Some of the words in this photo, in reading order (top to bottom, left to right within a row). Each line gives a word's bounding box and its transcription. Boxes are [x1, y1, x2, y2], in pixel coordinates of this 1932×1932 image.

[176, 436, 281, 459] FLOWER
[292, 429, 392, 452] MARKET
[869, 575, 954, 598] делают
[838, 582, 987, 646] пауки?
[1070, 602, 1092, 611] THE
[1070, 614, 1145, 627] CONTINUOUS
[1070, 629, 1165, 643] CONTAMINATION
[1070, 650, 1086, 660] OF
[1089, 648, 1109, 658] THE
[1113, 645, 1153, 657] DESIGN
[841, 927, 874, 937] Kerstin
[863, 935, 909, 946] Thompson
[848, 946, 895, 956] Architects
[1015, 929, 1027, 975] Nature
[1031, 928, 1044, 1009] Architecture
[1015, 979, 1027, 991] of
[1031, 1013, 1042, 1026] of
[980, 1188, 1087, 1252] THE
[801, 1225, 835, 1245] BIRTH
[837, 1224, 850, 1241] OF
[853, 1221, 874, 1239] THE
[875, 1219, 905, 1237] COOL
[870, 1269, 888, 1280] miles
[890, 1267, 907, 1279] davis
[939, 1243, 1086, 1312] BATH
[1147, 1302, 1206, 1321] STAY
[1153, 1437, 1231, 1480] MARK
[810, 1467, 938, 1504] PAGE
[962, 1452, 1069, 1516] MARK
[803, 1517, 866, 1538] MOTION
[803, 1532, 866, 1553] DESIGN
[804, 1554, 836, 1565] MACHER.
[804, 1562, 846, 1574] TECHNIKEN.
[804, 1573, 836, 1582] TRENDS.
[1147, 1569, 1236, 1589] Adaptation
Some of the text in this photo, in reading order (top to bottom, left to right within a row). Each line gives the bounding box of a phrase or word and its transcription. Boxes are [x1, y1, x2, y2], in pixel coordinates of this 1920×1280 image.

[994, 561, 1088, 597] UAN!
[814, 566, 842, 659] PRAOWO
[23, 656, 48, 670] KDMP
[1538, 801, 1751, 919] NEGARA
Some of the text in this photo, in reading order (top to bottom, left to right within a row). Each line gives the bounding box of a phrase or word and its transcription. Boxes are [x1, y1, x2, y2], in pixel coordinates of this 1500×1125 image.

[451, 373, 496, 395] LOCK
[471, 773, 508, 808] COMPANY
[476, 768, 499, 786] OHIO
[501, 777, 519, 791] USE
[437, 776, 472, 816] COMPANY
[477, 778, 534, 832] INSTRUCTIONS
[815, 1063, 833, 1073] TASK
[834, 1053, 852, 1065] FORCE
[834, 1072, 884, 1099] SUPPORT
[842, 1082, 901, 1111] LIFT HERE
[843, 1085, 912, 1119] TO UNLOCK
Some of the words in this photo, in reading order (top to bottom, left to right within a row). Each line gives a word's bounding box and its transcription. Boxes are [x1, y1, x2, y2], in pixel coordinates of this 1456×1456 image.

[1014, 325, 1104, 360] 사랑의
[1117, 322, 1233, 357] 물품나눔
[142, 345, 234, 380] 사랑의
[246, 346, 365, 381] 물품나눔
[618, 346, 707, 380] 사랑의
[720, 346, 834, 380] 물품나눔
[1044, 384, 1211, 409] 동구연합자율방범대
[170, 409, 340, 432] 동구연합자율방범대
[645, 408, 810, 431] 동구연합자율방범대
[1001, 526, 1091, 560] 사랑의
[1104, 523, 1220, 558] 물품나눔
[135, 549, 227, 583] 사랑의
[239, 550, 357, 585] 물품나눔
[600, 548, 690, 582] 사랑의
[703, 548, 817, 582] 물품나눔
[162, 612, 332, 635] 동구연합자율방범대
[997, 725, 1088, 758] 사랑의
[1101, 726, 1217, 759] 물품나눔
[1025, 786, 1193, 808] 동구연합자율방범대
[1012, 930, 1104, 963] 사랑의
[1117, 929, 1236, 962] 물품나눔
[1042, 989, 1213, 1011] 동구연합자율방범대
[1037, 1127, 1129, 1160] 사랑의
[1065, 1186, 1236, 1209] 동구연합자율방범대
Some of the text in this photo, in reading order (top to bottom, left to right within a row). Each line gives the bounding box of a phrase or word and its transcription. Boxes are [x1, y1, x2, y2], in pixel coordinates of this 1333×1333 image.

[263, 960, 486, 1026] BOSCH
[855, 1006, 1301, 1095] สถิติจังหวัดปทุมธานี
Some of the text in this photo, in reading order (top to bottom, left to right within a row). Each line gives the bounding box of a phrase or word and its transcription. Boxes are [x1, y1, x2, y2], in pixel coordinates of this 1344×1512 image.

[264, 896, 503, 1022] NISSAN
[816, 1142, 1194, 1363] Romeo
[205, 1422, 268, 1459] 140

_PROBLEM TO WORK ON_.
An exact copy of the listing is what's needed here.

_FINISHED EXERCISE_.
Some of the words in this photo, in reading order (top to bottom, left to right within a row). Each line gives a word's bounding box and its transcription. Boxes are [x1, y1, x2, y2], in pixel coordinates of this 1932×1932 image.

[176, 436, 281, 459] FLOWER
[292, 429, 392, 452] MARKET
[869, 575, 954, 598] делают
[838, 582, 987, 646] пауки?
[1070, 602, 1092, 611] THE
[1070, 614, 1145, 627] CONTINUOUS
[1070, 629, 1165, 643] CONTAMINATION
[1070, 650, 1086, 660] OF
[1089, 648, 1109, 658] THE
[1113, 645, 1153, 657] DESIGN
[841, 927, 874, 937] Kerstin
[863, 935, 909, 946] Thompson
[848, 946, 895, 956] Architects
[1015, 929, 1027, 975] Nature
[1031, 928, 1044, 1009] Architecture
[1015, 979, 1027, 991] of
[1031, 1013, 1042, 1026] of
[980, 1188, 1087, 1252] THE
[801, 1225, 835, 1245] BIRTH
[837, 1224, 850, 1241] OF
[853, 1221, 874, 1239] THE
[875, 1219, 905, 1237] COOL
[870, 1269, 888, 1280] miles
[890, 1267, 907, 1279] davis
[939, 1243, 1086, 1312] BATH
[1147, 1302, 1206, 1321] STAY
[1153, 1437, 1231, 1480] MARK
[810, 1467, 938, 1504] PAGE
[962, 1452, 1069, 1516] MARK
[803, 1517, 866, 1538] MOTION
[803, 1532, 866, 1553] DESIGN
[804, 1554, 836, 1565] MACHER.
[804, 1562, 846, 1574] TECHNIKEN.
[804, 1573, 836, 1582] TRENDS.
[1147, 1569, 1236, 1589] Adaptation
Some of the text in this photo, in reading order (top to bottom, left to right within a row). Each line gives the bounding box of a phrase or word and its transcription. Boxes are [x1, y1, x2, y2], in pixel coordinates of this 1920×1280 image.

[994, 561, 1088, 597] UAN!
[814, 566, 842, 659] PRAOWO
[23, 656, 48, 670] KDMP
[1538, 801, 1751, 919] NEGARA
Some of the text in this photo, in reading order (top to bottom, left to right within a row). Each line gives the bounding box of a phrase or word and its transcription. Boxes are [x1, y1, x2, y2], in pixel coordinates of this 1500×1125 image.

[451, 373, 496, 395] LOCK
[471, 773, 508, 808] COMPANY
[476, 768, 499, 786] OHIO
[501, 777, 519, 791] USE
[437, 776, 472, 816] COMPANY
[477, 778, 534, 832] INSTRUCTIONS
[815, 1063, 833, 1073] TASK
[834, 1053, 852, 1065] FORCE
[834, 1072, 884, 1099] SUPPORT
[842, 1082, 901, 1111] LIFT HERE
[843, 1085, 912, 1119] TO UNLOCK
Some of the words in this photo, in reading order (top to bottom, left to right within a row). Each line gives a word's bounding box and its transcription. Boxes are [x1, y1, x2, y2], in pixel coordinates of this 1456×1456 image.

[1014, 325, 1104, 360] 사랑의
[1117, 322, 1233, 357] 물품나눔
[142, 345, 234, 380] 사랑의
[246, 346, 365, 381] 물품나눔
[618, 346, 707, 380] 사랑의
[720, 346, 834, 380] 물품나눔
[1044, 384, 1211, 409] 동구연합자율방범대
[170, 409, 340, 432] 동구연합자율방범대
[645, 408, 810, 431] 동구연합자율방범대
[1001, 526, 1091, 560] 사랑의
[1104, 523, 1220, 558] 물품나눔
[135, 549, 227, 583] 사랑의
[239, 550, 357, 585] 물품나눔
[600, 548, 690, 582] 사랑의
[703, 548, 817, 582] 물품나눔
[162, 612, 332, 635] 동구연합자율방범대
[997, 725, 1088, 758] 사랑의
[1101, 726, 1217, 759] 물품나눔
[1025, 786, 1193, 808] 동구연합자율방범대
[1012, 930, 1104, 963] 사랑의
[1117, 929, 1236, 962] 물품나눔
[1042, 989, 1213, 1011] 동구연합자율방범대
[1037, 1127, 1129, 1160] 사랑의
[1065, 1186, 1236, 1209] 동구연합자율방범대
Some of the text in this photo, in reading order (top to bottom, left to right within a row). Each line gives the bounding box of a phrase or word and its transcription. Boxes are [x1, y1, x2, y2], in pixel coordinates of this 1333×1333 image.

[263, 960, 486, 1026] BOSCH
[855, 1006, 1301, 1095] สถิติจังหวัดปทุมธานี
Some of the text in this photo, in reading order (top to bottom, left to right within a row). Each line gives the bounding box of a phrase or word and its transcription. Boxes are [x1, y1, x2, y2], in pixel coordinates of this 1344×1512 image.

[264, 896, 503, 1022] NISSAN
[816, 1142, 1194, 1363] Romeo
[205, 1422, 268, 1459] 140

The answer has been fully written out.